Objects in SingleStore
Objects are nothing but a data structure, used to store or reference data in SQL queries. Developers, applications or queries interact with tables and/or views. Likewise, other objects include indexes, stored procedures and functions. Here, I will walk through objects in SingleStore.
Database: The first object you need to create in a SingleStore cluster is a database. Database is a collection of other objects like tables, views, stored procedures, etc. By default, object names are case-sensitive in SingleStore. The engine variable table_name_case_sensitivity defines the case sensitivity of a database object. When this variable is set to ON (the default setting), all database objects are case-sensitive, except:
You can only change the setting of the variable table_name_case_sensitivity when the cluster is empty — that is, the cluster must contain no user databases.
Tables: SingleStore helps customers store data in different physical storages, which delivers a variety of performance benefits. Different table types we’ll explore are:
Rowstore table: Most relational databases use row-oriented stores, or row stores. As the name indicates, a row/tuples are stored in a table as a single unit. This means it stores all fields for a given row together in the same physical location. This makes rowstores great for transactional workloads, where the database frequently selects, inserts, updates and deletes individual rows, often referencing either most or all columns. In SingleStore, the rowstore table gets stored in a memory of leaf nodes. So it is important to reserve a reasonable amount of RAM on leaf nodes. For applications doing OLTP-type work, (small inserts, updates and deletes), rowstore performs much better than columnstore.
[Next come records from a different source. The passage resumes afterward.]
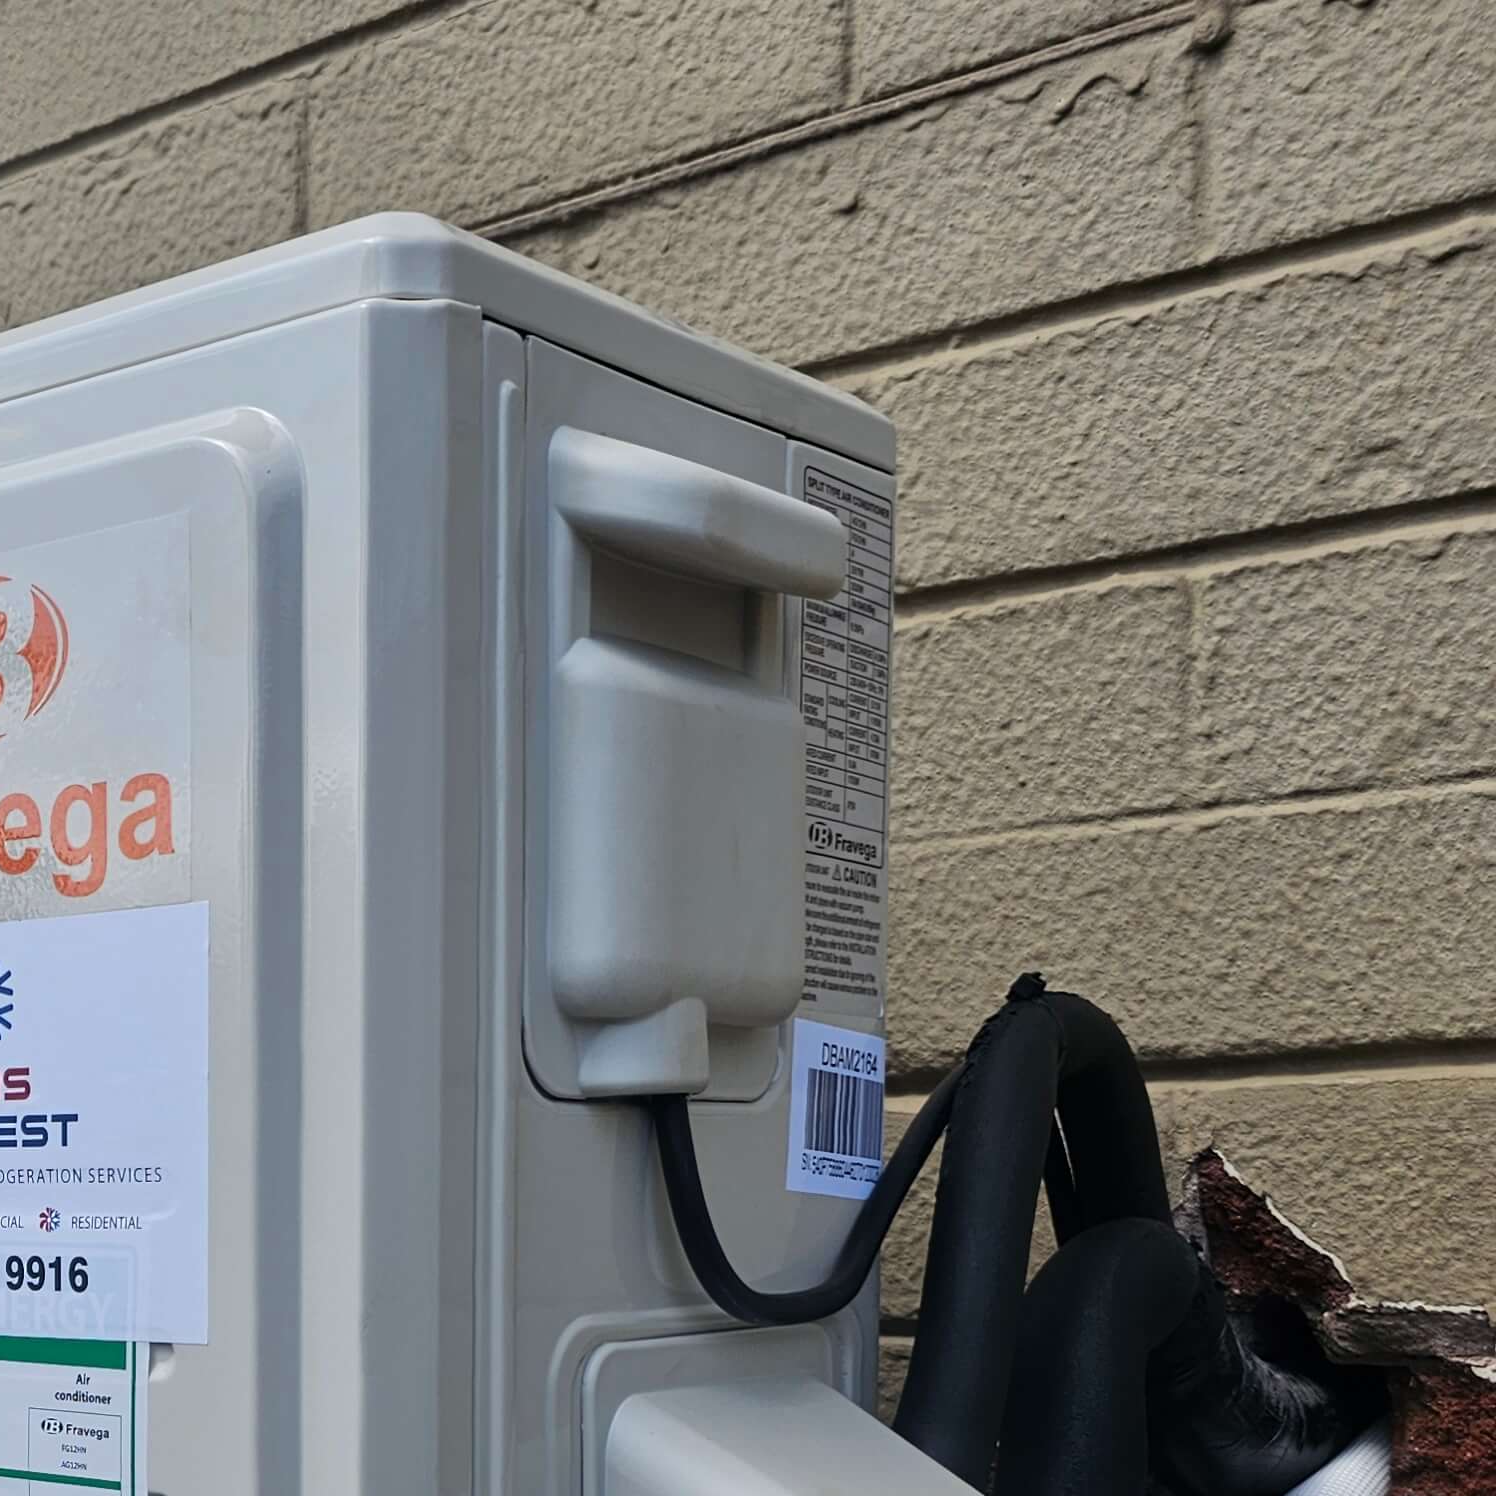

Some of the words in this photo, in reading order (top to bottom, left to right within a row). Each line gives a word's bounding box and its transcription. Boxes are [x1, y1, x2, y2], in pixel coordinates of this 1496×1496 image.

[835, 832, 877, 861] Fravega
[844, 867, 878, 889] CAUTION
[821, 1042, 878, 1075] DBAM2164
[88, 1167, 163, 1184] SERVICES
[71, 1216, 143, 1230] RESIDENTIAL
[5, 1255, 89, 1293] 9916
[75, 1373, 91, 1385] Air
[54, 1390, 112, 1405] conditioner
[66, 1423, 110, 1440] Fravega
Here is an example of a statement that creates a rowstore table:
CREATE ROWSTORE TABLE products ( ProductId INT, Color VARCHAR(10), Price INT, dt DATETIME, KEY (Price), SHARD KEY (ProductId) );
You can find more information on understanding SHARD KEY selection here.
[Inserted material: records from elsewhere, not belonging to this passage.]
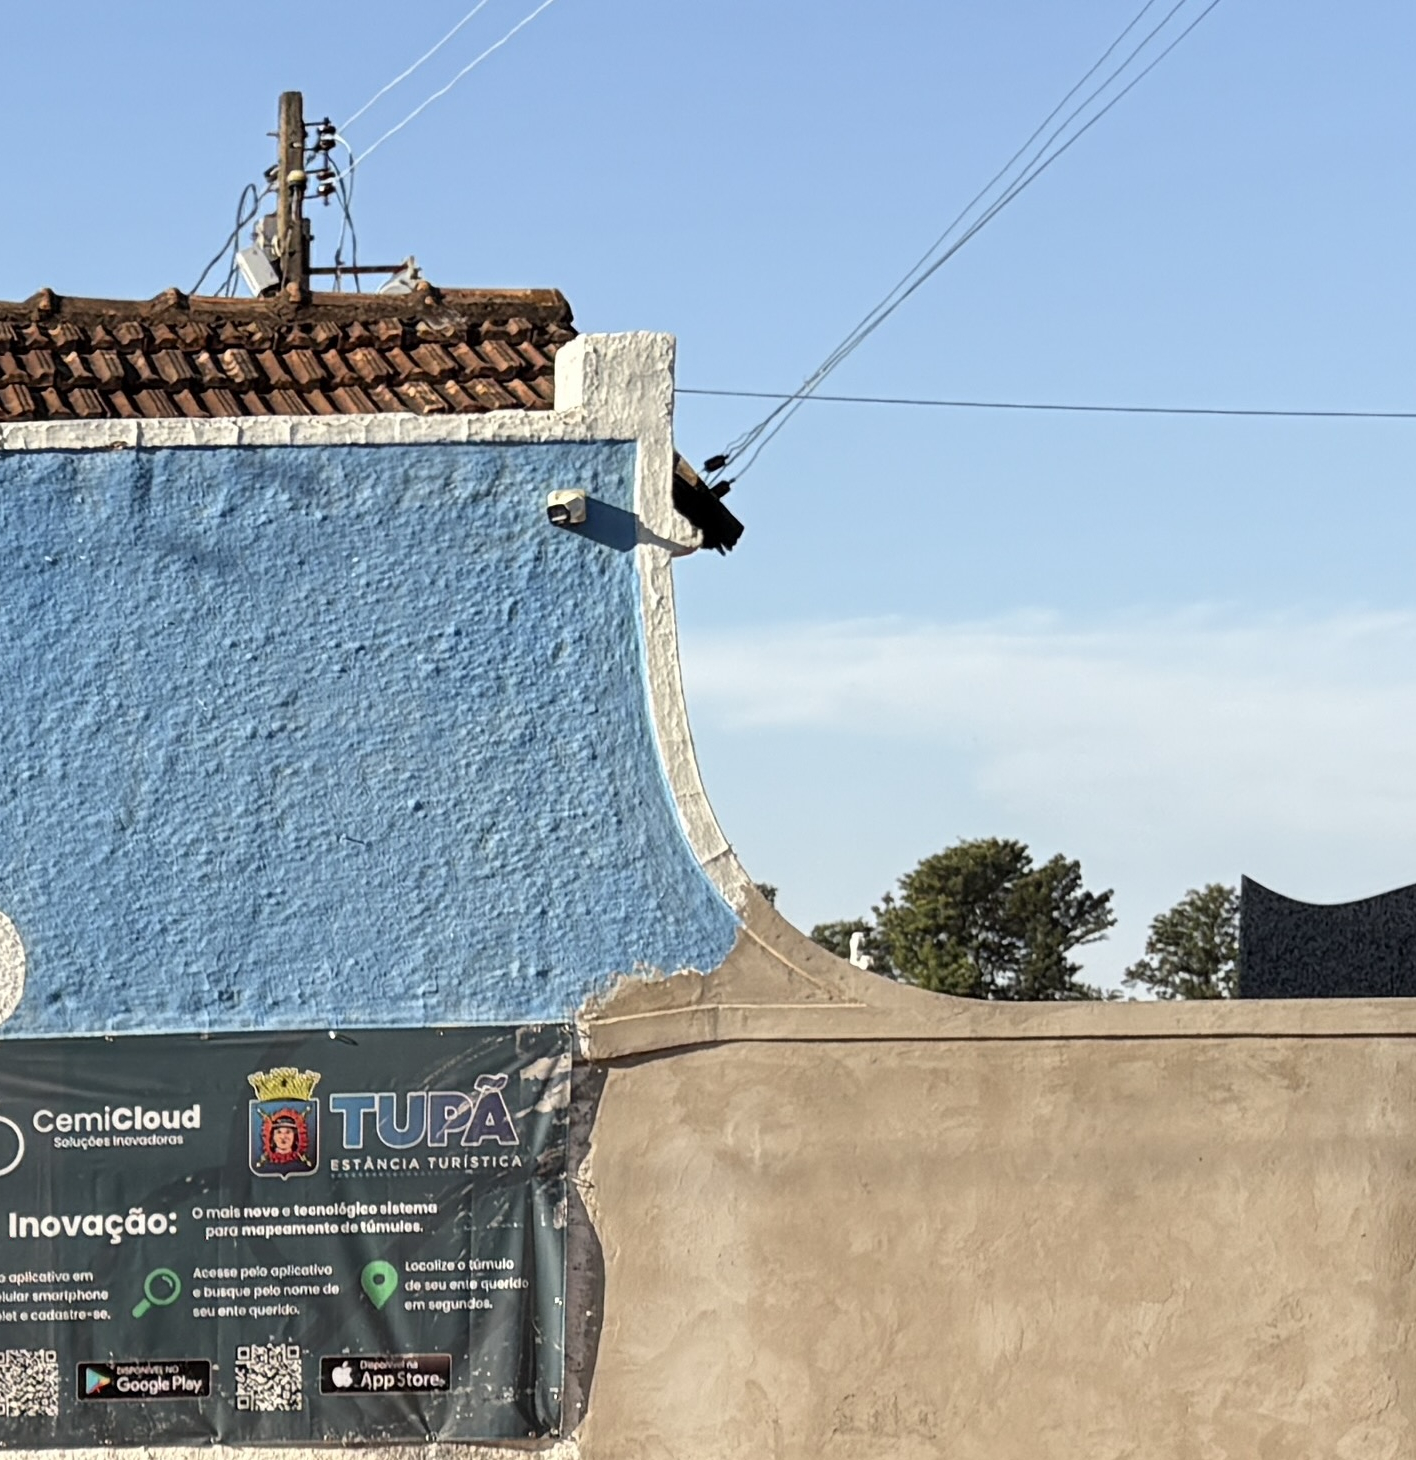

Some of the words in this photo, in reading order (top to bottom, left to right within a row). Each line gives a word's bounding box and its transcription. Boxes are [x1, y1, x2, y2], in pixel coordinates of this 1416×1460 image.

[32, 1104, 201, 1133] CemiCloud
[329, 1072, 520, 1149] TUPÃ
[53, 1135, 110, 1150] Soluções
[112, 1134, 184, 1148] Inovadoras
[330, 1155, 420, 1172] ESTÂNCIA
[427, 1153, 523, 1170] TURÍSTICA
[192, 1207, 203, 1219] O
[206, 1205, 241, 1219] mais
[243, 1206, 280, 1219] novo
[282, 1207, 291, 1218] e
[293, 1202, 377, 1219] tecnológico
[380, 1201, 438, 1216] sistema
[8, 1207, 177, 1245] Inovação:
[205, 1226, 238, 1241] para
[242, 1223, 339, 1239] mapeamento
[341, 1221, 359, 1234] de
[361, 1219, 424, 1234] túmulos.
[193, 1267, 237, 1279] Acesse
[240, 1266, 267, 1280] pelo
[270, 1264, 333, 1279] aplicativo
[405, 1259, 455, 1272] Localize
[457, 1261, 466, 1271] o
[469, 1258, 515, 1271] túmulo
[8, 1271, 70, 1286] aplicativo
[72, 1272, 94, 1282] em
[405, 1280, 421, 1291] de
[425, 1281, 447, 1291] seu
[449, 1279, 477, 1290] ente
[481, 1277, 529, 1292] querido
[32, 1290, 109, 1304] smartphone
[192, 1288, 201, 1298] e
[203, 1286, 251, 1300] busque
[254, 1285, 281, 1299] pelo
[283, 1285, 319, 1296] nome
[323, 1283, 340, 1295] de
[193, 1306, 215, 1317] seu
[217, 1305, 246, 1317] ente
[249, 1303, 300, 1319] querido.
[405, 1300, 425, 1311] em
[428, 1297, 494, 1313] segundos.
[20, 1312, 29, 1321] e
[30, 1309, 112, 1321] cadastre-se.
[116, 1376, 170, 1395] Google
[172, 1375, 202, 1394] Play
[360, 1371, 395, 1390] App
[397, 1371, 439, 1388] Store
Columnstore table: Columnstore is a default table type in SingleStore. Columnstore stores data on disk, stores each column as a single unit and stores segments of data for each column together in the same physical location. This helps when queries are referencing a few columns in a table. It will only scan columns, which are needed or specified in a query. Another important benefit of columnstores is they lend themselves well to compression.
When creating a columnstore index, one or more columns need to be defined as the key column(s) for the columnstore index, aka SORT KEY. The data in the columnstore is stored in key column order.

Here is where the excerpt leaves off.